Exercise goal:
The result should be an exact copy of the entries below, free of pictures.

++++

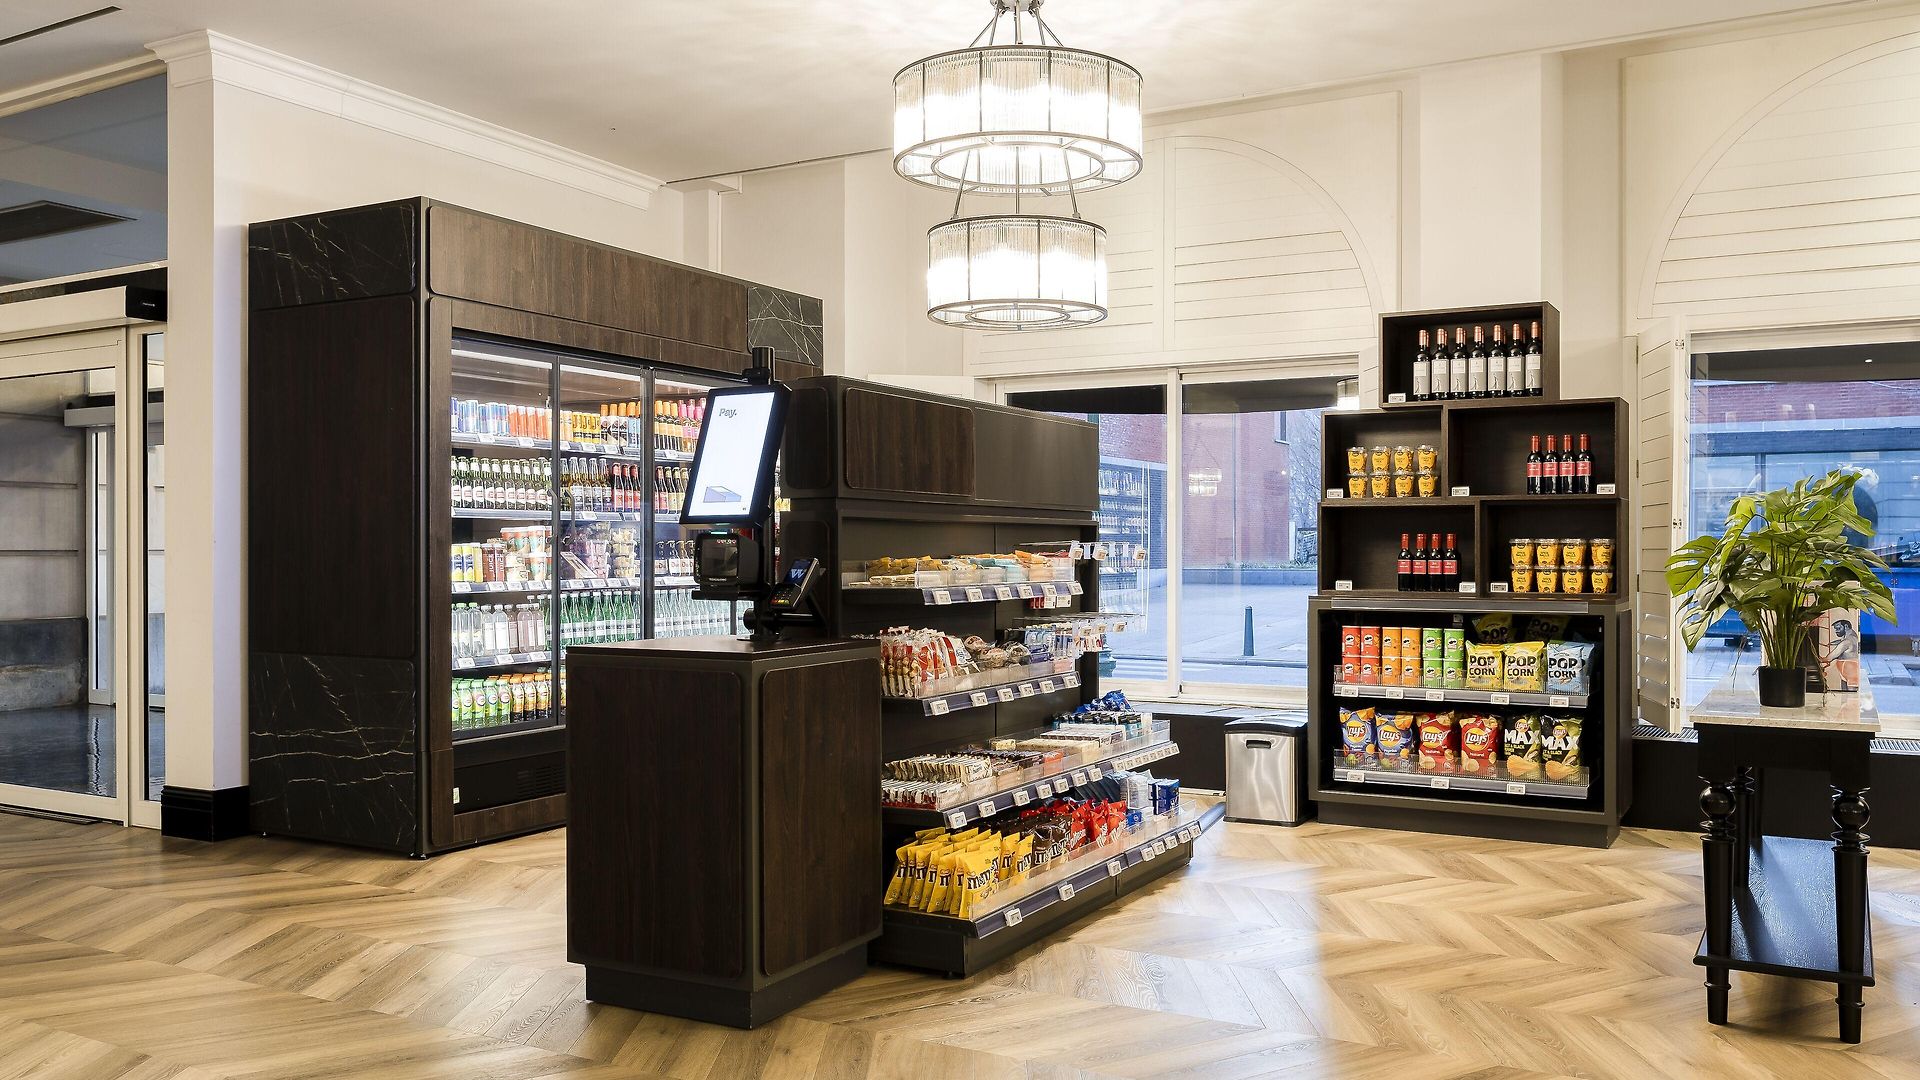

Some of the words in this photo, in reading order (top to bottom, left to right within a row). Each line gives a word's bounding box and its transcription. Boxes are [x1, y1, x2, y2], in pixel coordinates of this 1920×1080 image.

[719, 408, 737, 418] Pay.
[1469, 656, 1495, 666] POP
[1507, 655, 1536, 666] POP
[1548, 657, 1578, 669] POP
[1469, 667, 1496, 676] CORN
[1507, 668, 1535, 676] CORN
[1548, 670, 1576, 678] CORN
[1504, 728, 1540, 745] MAX
[1541, 734, 1580, 751] MAX
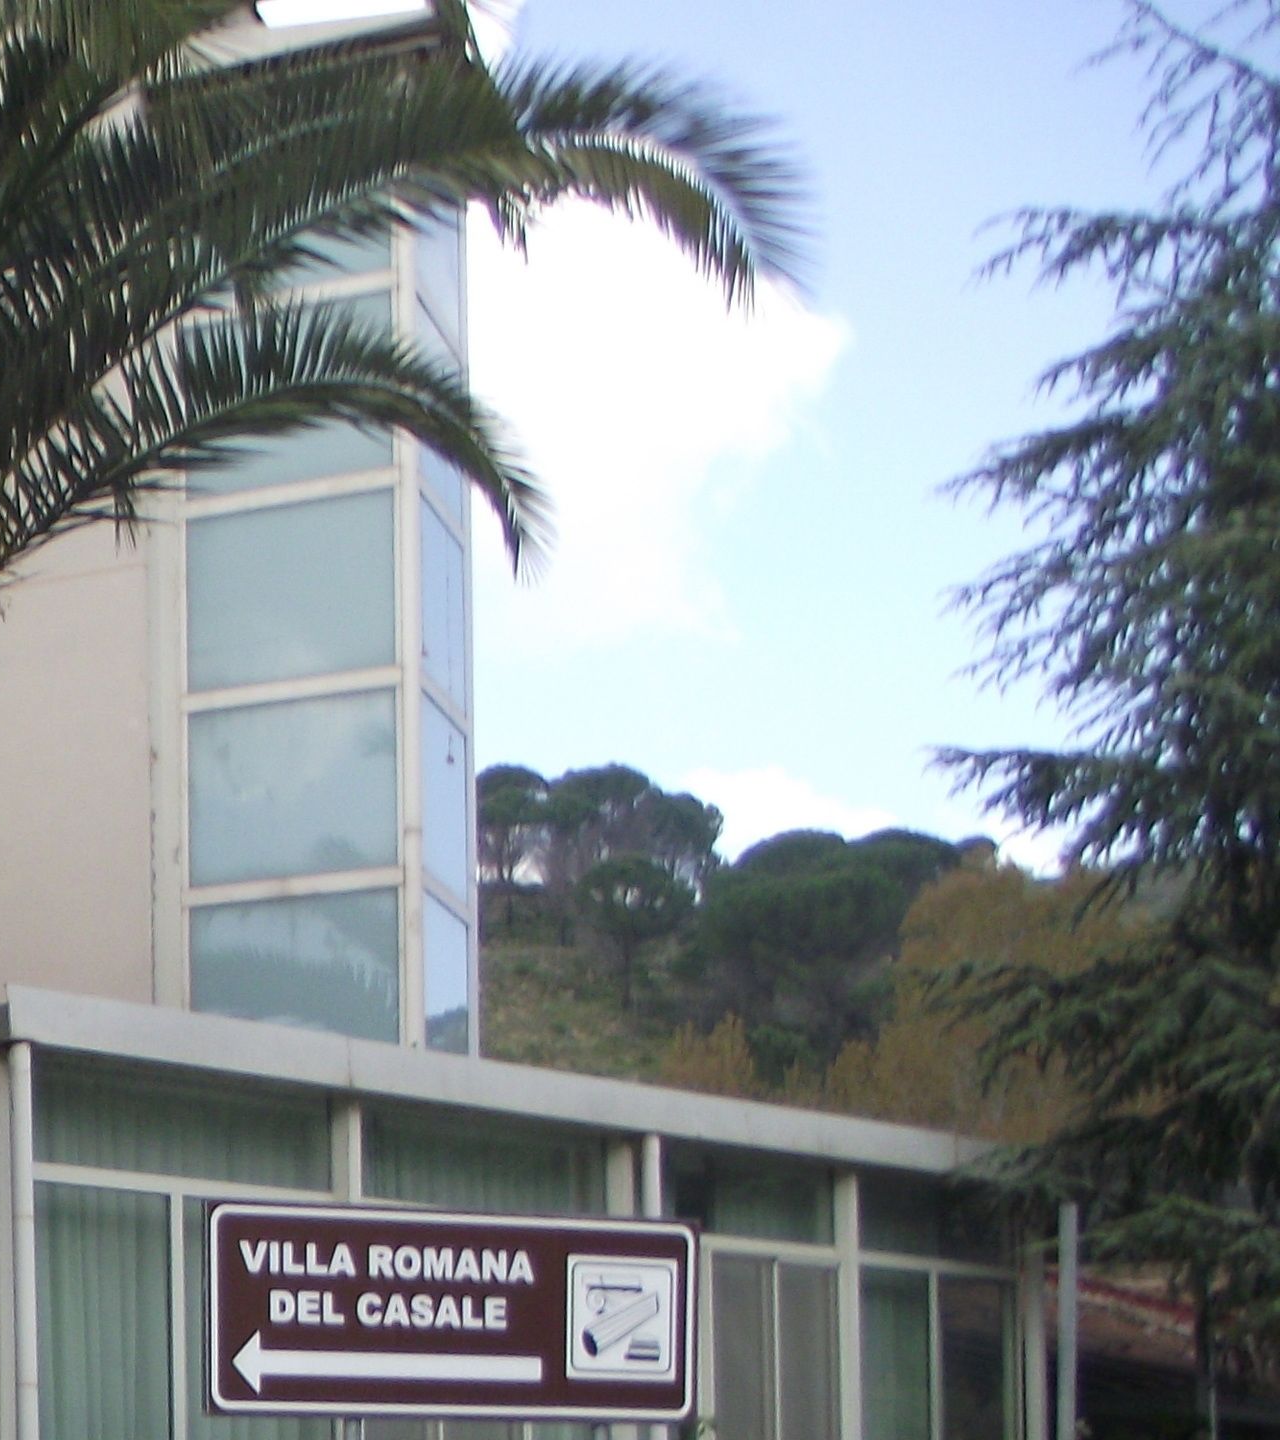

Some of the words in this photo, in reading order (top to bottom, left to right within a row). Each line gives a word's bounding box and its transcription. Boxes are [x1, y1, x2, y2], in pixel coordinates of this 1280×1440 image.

++++

Answer to this task:
Some of the words in this photo, in reading order (top to bottom, left to right within a row). Each line gives a word's bounding box and its transcription. Boxes are [x1, y1, x2, y2], in pixel coordinates of this 1920×1080 image.

[719, 408, 737, 418] Pay.
[1469, 656, 1495, 666] POP
[1507, 655, 1536, 666] POP
[1548, 657, 1578, 669] POP
[1469, 667, 1496, 676] CORN
[1507, 668, 1535, 676] CORN
[1548, 670, 1576, 678] CORN
[1504, 728, 1540, 745] MAX
[1541, 734, 1580, 751] MAX

Some of the words in this photo, in reading order (top to bottom, left to right within a row). Each line gives a word's bounding box and its transcription. Boxes are [x1, y1, x2, y2], in pixel coordinates of this 1280×1440 image.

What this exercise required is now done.